Dal 2007 è magnifico rettore dell’Università Eduardo Mondlane, l’istituzione universitaria più importante del paese. Filipe Couto conosce tutti i dirigenti del partito al governo, il Frelimo, e molti ministri erano dei giovani «tirati su» da lui durante la guerra di liberazione.
Vestito trasandato, capelli scompigliati, ha negli occhi un guizzo geniale. Eteo provocatore, sembra sempre duellare con il suo interlocutore: «Fate pure le domande, tanto Missioni Consolata è da anni che non pubblica le cose che dico io».
Padre Couto, come ha deciso di fare la lotta armata?
Penso che la gente esageri sulla mia storia. Non capita che si decida da un momento all’altro di andare a fare la lotta per la liberazione. Esistono delle circostanze in cui uno deve trovare la via per salvare la pelle. Nel mio caso, agli inizi degli anni ’70, se eri nel Nord del Mozambico, dovevi uscire e andare in esilio. Il fatto di scappare e arrivare dove c’era il nucleo del Frelimo, di aver vissuto con loro, ha portato a un certo percorso.
Quando sono uscito dal paese ero missionario della Consolata. In Tanzania ero con i rifugiati, mi sono trovato con altri confratelli, con i quali ho avuto contatti e solidarietà. Non c’è un taglio netto tra il fatto di essere missionario ed essere uno che è andato con i rifugiati e poi ha raggiunto il Frelimo, ha lavorato con esso e vi continua a lavorare in certe cose necessarie per lo sviluppo del paese. Sono state decisioni molto pragmatiche.
Perché lasciò il Mozambico?
Io non credo di aver avuto idee politiche molto chiare, ma c’era qualcosa di fondamentale. Io sono mozambicano, se c’è una proposta per un governo di persone del nostro paese, allora opto per quel governo. Ma eravamo colonia portoghese. In quel tempo, dire queste cose o insegnarle agli altri, anche solo parlarne, diventava scomodo. Arriva un momento in cui tanti con le tue stesse idee stanno scappando. Erano passati due anni dalla mia laurea in Germania. Cominciavo a fare il lavoro nelle parrocchie.
Ci racconti i primi anni nel Frelimo, lei prete in un movimento di rivoluzionari marxisti.
Quando sono entrato, era già stato ucciso Eduardo Mondlane (fondatore del movimento nel 1962, e ucciso nel ’69, ndr). C’era dentro il partito un’aria di purificazione e di determinazione della linea. Eduardo aveva fatto il Fronte radunando tutti. Era arrivato il momento di decidere come lottare per l’indipendenza e con quali obiettivi.
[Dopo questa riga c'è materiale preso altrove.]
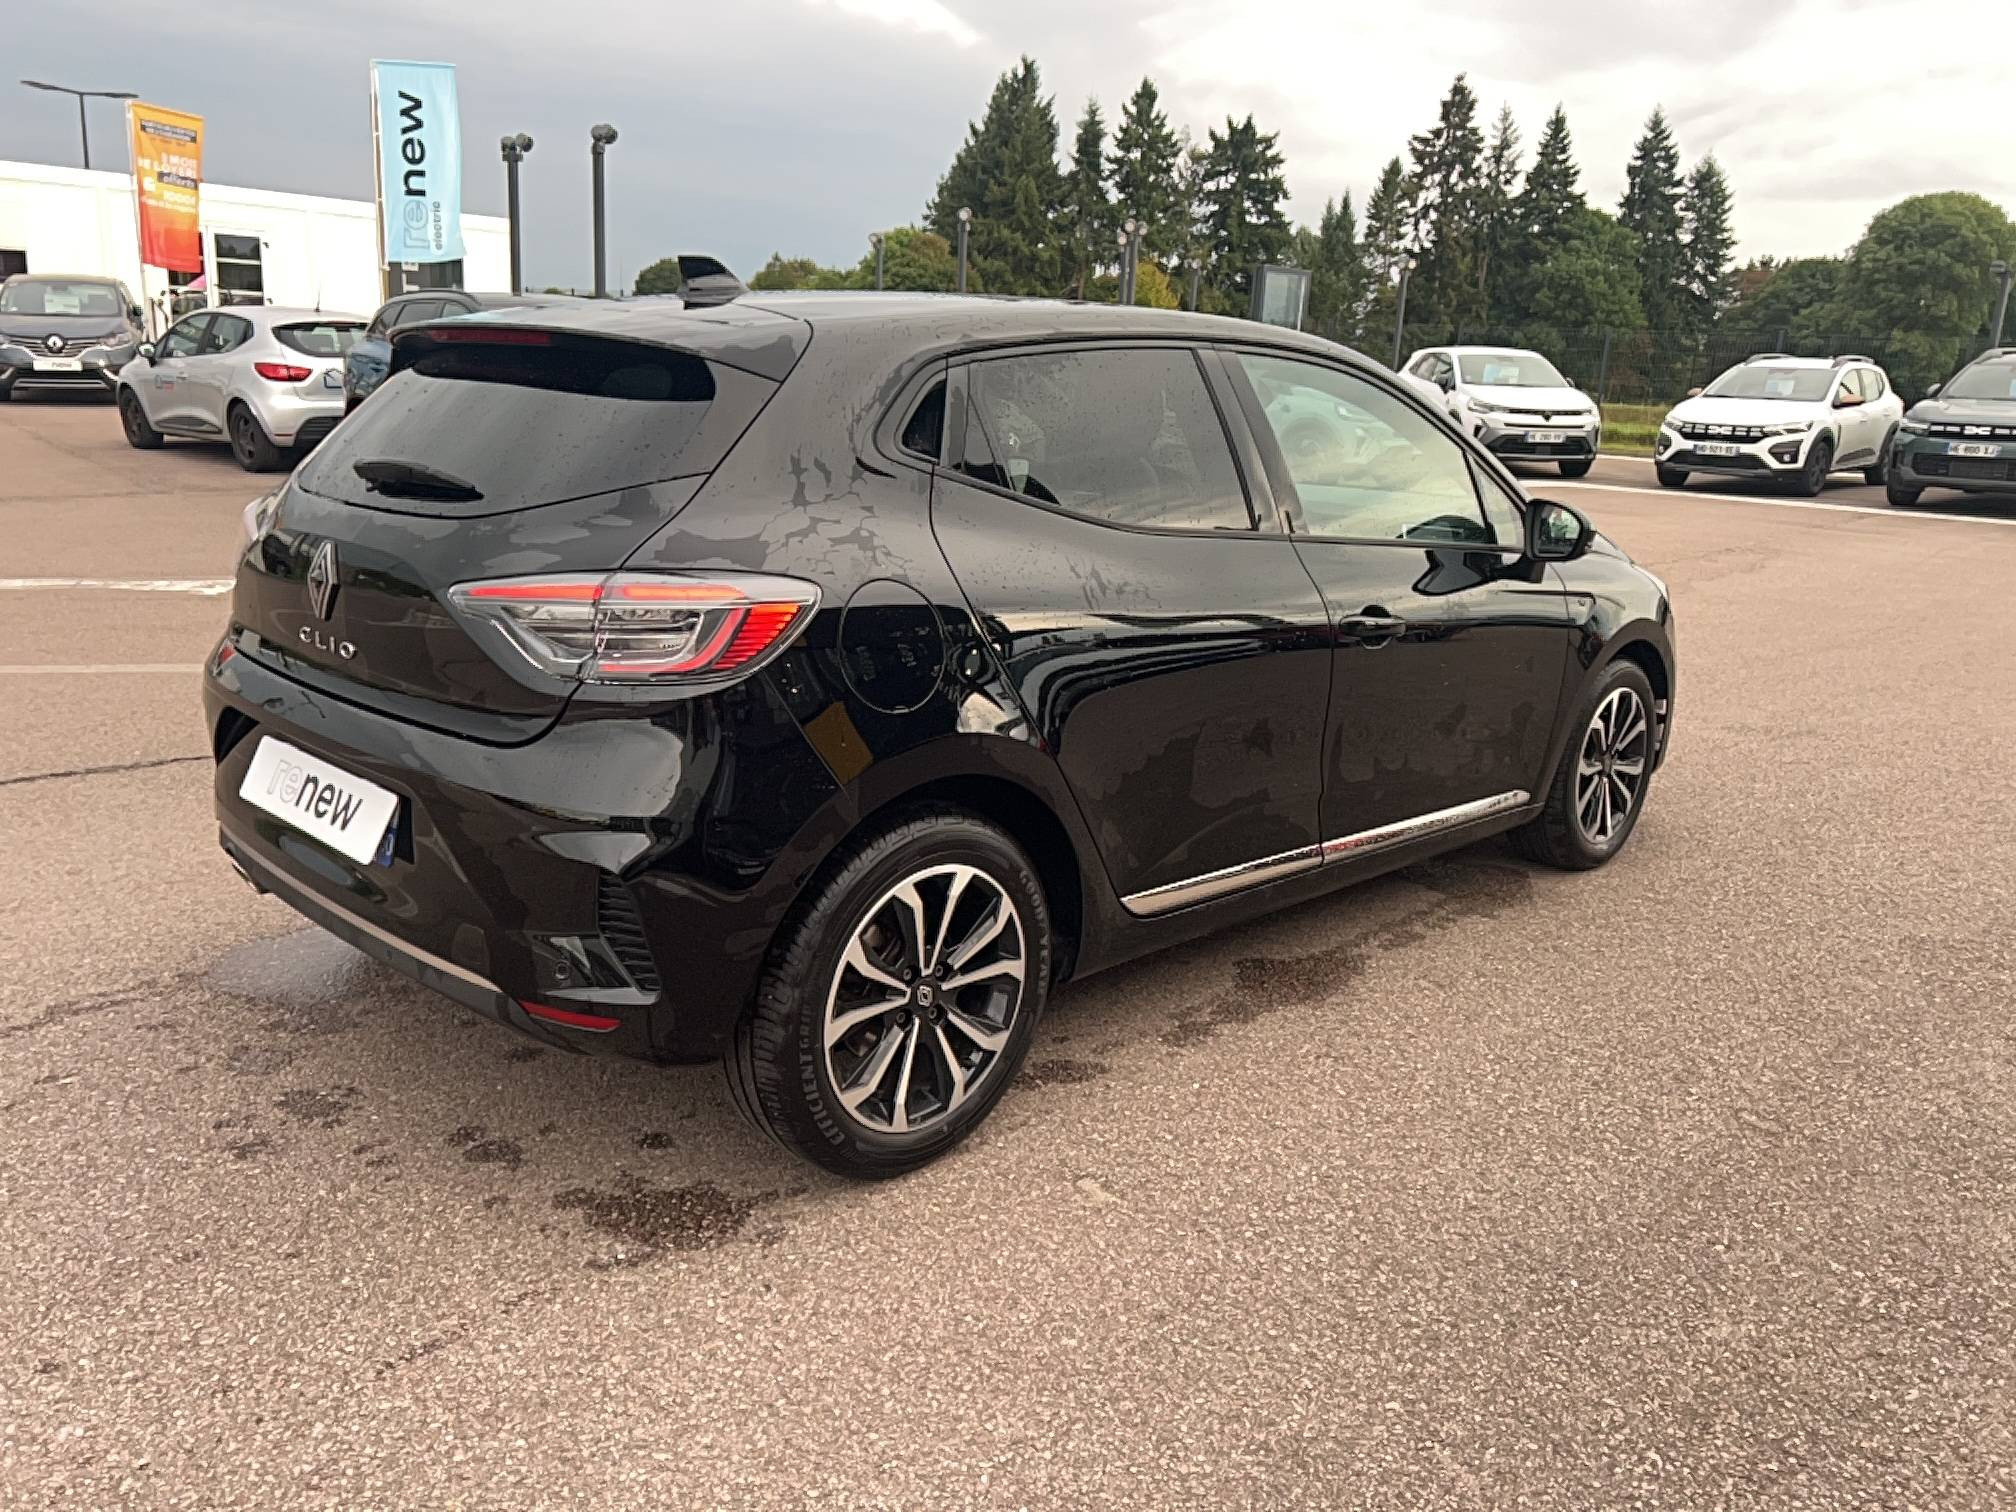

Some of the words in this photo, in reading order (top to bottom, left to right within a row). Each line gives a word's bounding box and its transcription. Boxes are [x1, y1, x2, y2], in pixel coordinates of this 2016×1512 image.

Primo. Era chiaro che si sarebbe dichiarata l’indipendenza solo se fossimo stati in grado di occupare, con il sistema della guerriglia, tutto il Mozambico. Secondo: che tutti potessero dire o giustificare che la guerra con le armi era una delle maniere fondamentali per arrivare alla liberazione.
Terzo. Chiunque si unisse, pur avendo studiato fuori (Germania, Italia, Usa o paesi comunisti) doveva avere un principio: il Mozambico è unico e dobbiamo risolvere i problemi del paese secondo le necessità e il contesto dello stesso.
Quando sono arrivato ho notato che c’era un certo sospetto. Il padre cattolico e il pastore protestante erano entrati in conflitto con gli altri ed erano usciti. Allora decisi ancora per la via pragmatica: mi occupai di questioni sociali, umanitarie, educazione, agricoltura. Ma mai di religione. I miei compagni della Consolata conoscevano questa scelta.
Come è cambiato l’attivismo politico dei giovani, oggi rispetto agli anni della lotta per l’indipendenza?
Durante la guerriglia non era un tempo di analisi, né di discussione, era un momento di emergenza. I capi, il comitato politico-militare, il comitato centrale, i nuclei, decidevano e si eseguiva.
I bambini che erano nelle nostre scuole, nelle zone liberate, dovevano imparare. I giovani di 18 anni dovevano lavorare nel campo, o fare il servizio militare, oppure li mandavamo a studiare (come l’attuale ministro della Difesa). Facevano le cose che dicevamo loro di fare. Era un’epoca di sintesi e decisione e non di analisi.
I giovani di adesso cominciano a entrare in un clima di discussione. Occorre lasciarli parlare, avere le proprie idee. Non è facile. Bisogna avere molta attenzione. Credo che sia una nuova epoca in cui dobbiamo educare i giovani alla libertà, alla critica e autocritica, alla solidarietà, ecc. Di queste cose parlavamo poco. Per noi era importante come organizzarci nel caso di bombardamento aereo, dove nascondere i bambini, dove scappare. È un’epoca diversa.
Gli studenti universitari di oggi sono interessati alla politica?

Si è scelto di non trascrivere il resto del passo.